Swearingen seeks declaratory relief that the appeals court's interpretation of the code is unconstitutional.

He also sued the director of the Texas Department of Public Safety, the Montgomery District [Court] Clerk and the Montgomery County Sheriff, to force release of evidence for testing, including the murder weapon, the rape kit, the victim's clothing and cigarette butts found near her body.

Montgomery County prosecutor Bill Delmore told the Houston Chronicle last year that "a lot" of DNA testing had been done in Swearingen's case, and that Swearingen's DNA profile was matched to a hair on a pantyhose fragment found in his trailer and 2 hairs found in Swearingen's truck were matched to Trotter.

"We're very confident that we have the right guy," Delmore told the Chronicle article in June 2015. "We've executed on far less."

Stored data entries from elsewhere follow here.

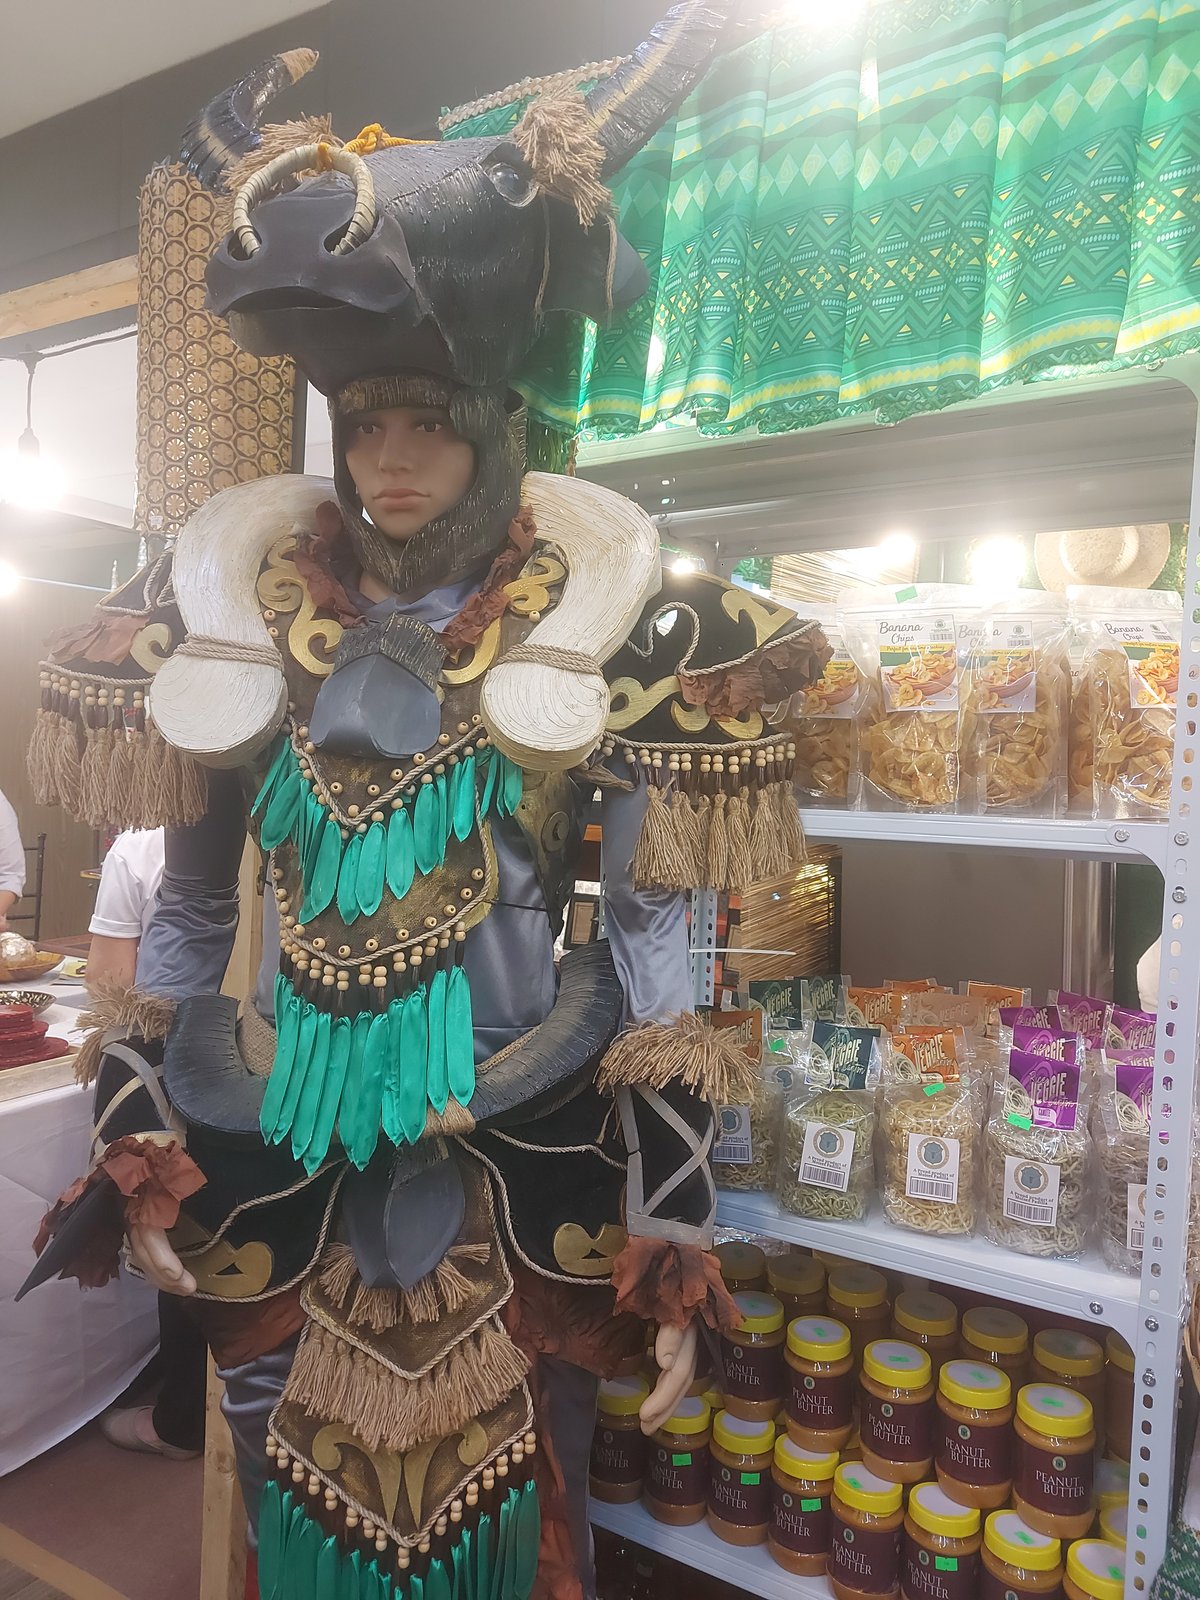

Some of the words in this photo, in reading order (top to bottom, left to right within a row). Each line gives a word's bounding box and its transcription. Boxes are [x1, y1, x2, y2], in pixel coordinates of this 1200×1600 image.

[880, 622, 924, 634] Banana
[959, 624, 1003, 638] Bana
[1104, 623, 1144, 634] Banana
[891, 633, 914, 646] Chips
[766, 986, 793, 1018] VEGGIE
[811, 980, 836, 1010] VEGGIE
[864, 992, 892, 1023] VEGGIE
[1072, 1010, 1102, 1033] VEGGIE
[1128, 1023, 1156, 1050] VEGGI
[830, 1039, 862, 1071] VEGGIE
[914, 1034, 943, 1072] VEGGIE
[1031, 1072, 1067, 1104] VEGGIE
[727, 1368, 760, 1385] BUTTER
[793, 1387, 828, 1406] PEANUT
[797, 1401, 833, 1415] BUTTER
[868, 1414, 906, 1435] PEANUT
[872, 1427, 911, 1445] BUTTER
[945, 1438, 985, 1458] PEANUT
[951, 1450, 991, 1468] BUTTER
[1035, 1470, 1080, 1487] PEANUT
[715, 1488, 747, 1510] BUTTER
[1043, 1483, 1085, 1497] BUTTER
[773, 1504, 805, 1526] PEANUT
[777, 1515, 811, 1537] BUTTER
[832, 1538, 866, 1564] PEANUT
[836, 1554, 872, 1576] BUTTER
[907, 1560, 943, 1586] PEANUT
[911, 1575, 949, 1599] BUTTER

But Swearingen's attorneys call the pantyhose evidence found in Swearingen's trailer "troubling," as the pantyhose had not been found during the first 2 searches of the trailer. Also, "serious doubts have been raised about the reliability" of the tear line analysis that matched the fragment to the pantyhose found tied around Trotter's neck, according to the complaint.

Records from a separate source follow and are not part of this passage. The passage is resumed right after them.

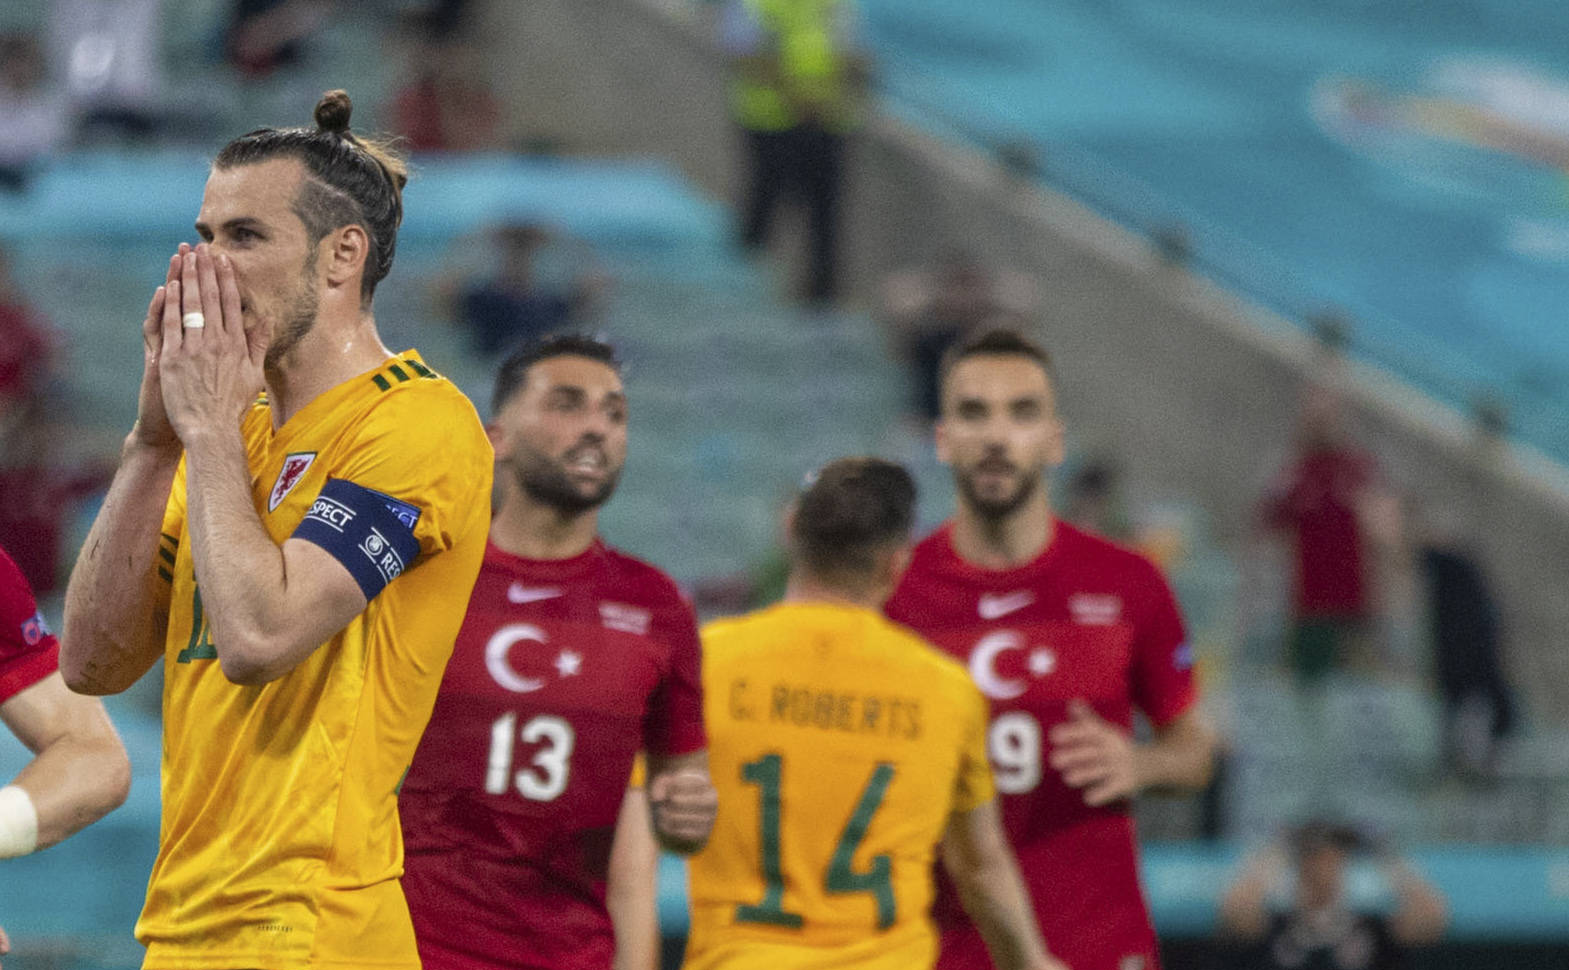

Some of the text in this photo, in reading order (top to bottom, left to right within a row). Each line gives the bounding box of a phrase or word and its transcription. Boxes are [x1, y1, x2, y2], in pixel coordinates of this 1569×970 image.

[308, 500, 353, 527] SPECT
[769, 683, 923, 741] ROBERTS
[987, 711, 1042, 795] 9
[485, 710, 575, 801] 13
[735, 753, 898, 931] 14
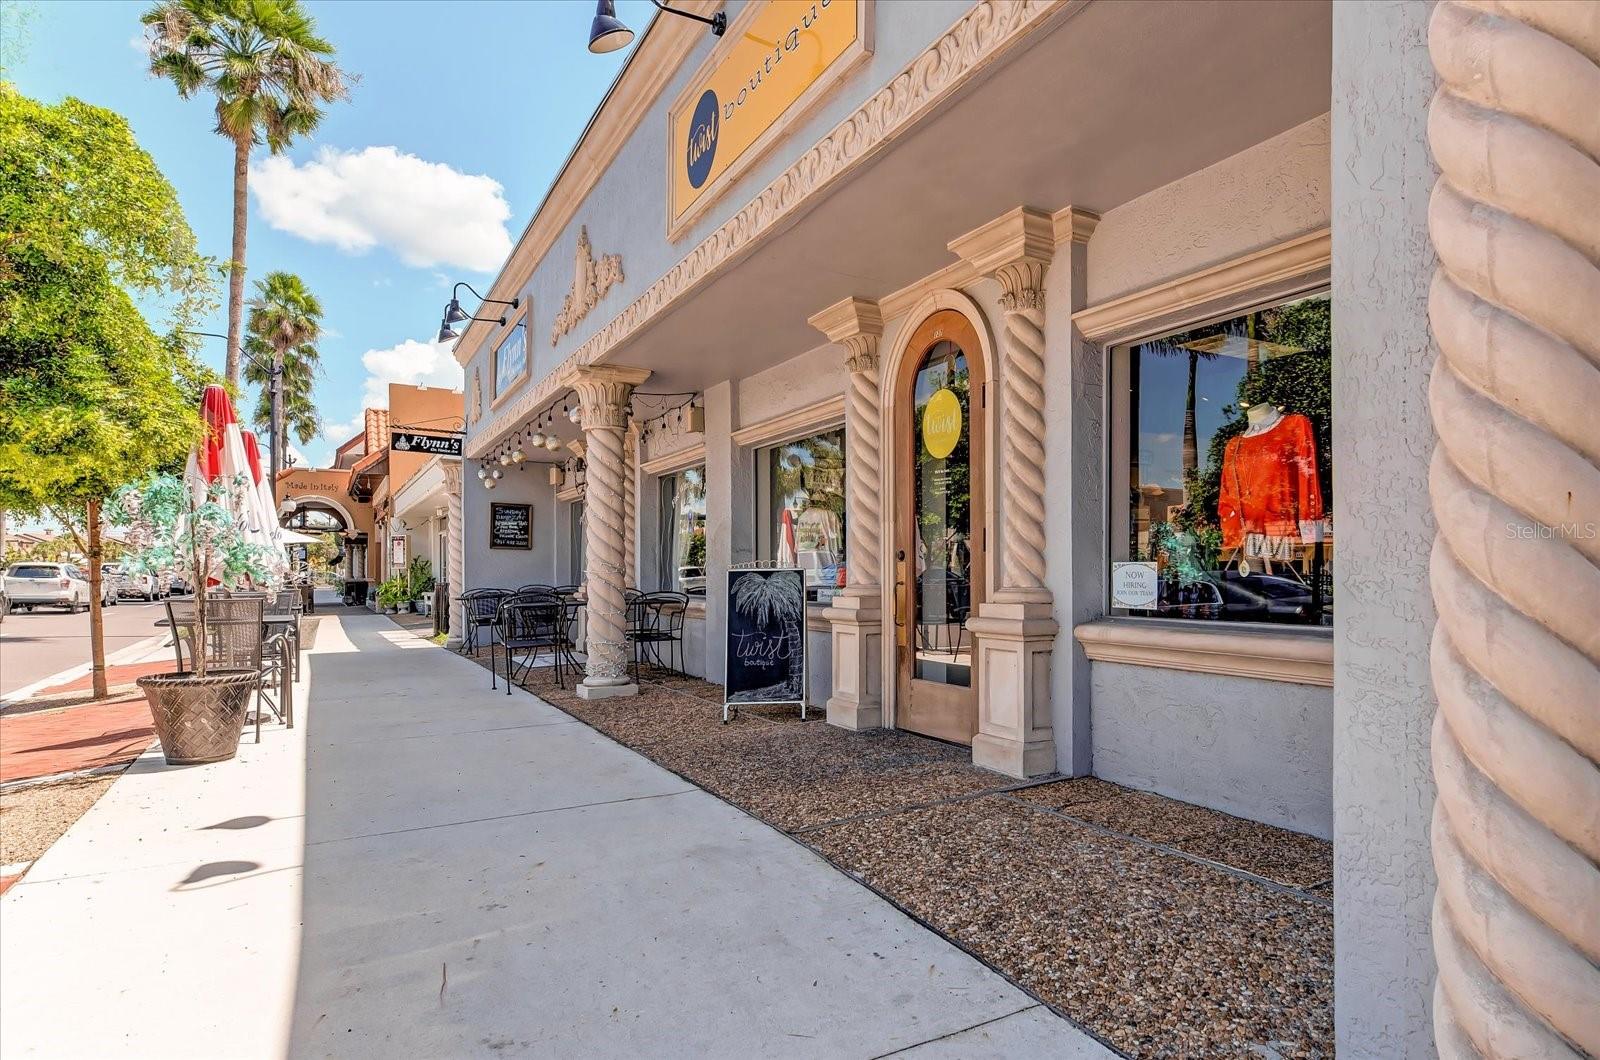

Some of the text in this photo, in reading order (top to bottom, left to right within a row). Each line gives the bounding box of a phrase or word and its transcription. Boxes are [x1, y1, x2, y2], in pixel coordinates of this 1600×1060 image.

[411, 435, 460, 450] Flynn's
[1125, 570, 1145, 579] NOW
[1123, 581, 1147, 589] HIRING
[731, 628, 794, 660] twist
[744, 658, 775, 671] boutique

The only pre-trial DNA testing that revealed a male donor, taken from fingernail scrapings, excluded Swearingen, and the state offered no "plausible" explanation for the presence of someone else's DNA underneath Trotter's fingernails, his attorneys say in the complaint.

They say the state speculated that "perhaps blood from an officer present during the autopsy who may have cut himself while shaving hours before inexplicably worked its way under the victim's fingernails," or that blood circulating through the morgue's air-conditioning system "somehow landed in the scrapings from Mr. Trotter's fingernails."

Or, the state argued, perhaps blood from an investigator was blown under the fingernails "by the whir of helicopters in the search."

The Innocence Project has been handling the constitutionality of Texas' DNA-testing statute. Philip Hilder and James Rytting of Houston-based Hilder & Associates have taken on other aspects of the case.

Benjet said there is "some pretty alarming" forensic evidence that makes some experts think it would have been "impossible" for Swearingen to have committed the murder.

"We've seen time and time again that the criminal justice system, like most government endeavors, is not perfect," Benjet said. "And when we have science that can conclusively determine guilt or innocence, it's really hard to believe that people wouldn't want that applied in death penalty cases."

Swearingen's 5th execution date, set for March this year, was delayed by appeals.

The U.S. Supreme Court refused to grant writ of certiorari on Oct. 3. The Texas Court of Criminal Appeals denied the writ without comment on Oct. 12. The setting of his 6th execution date is imminent.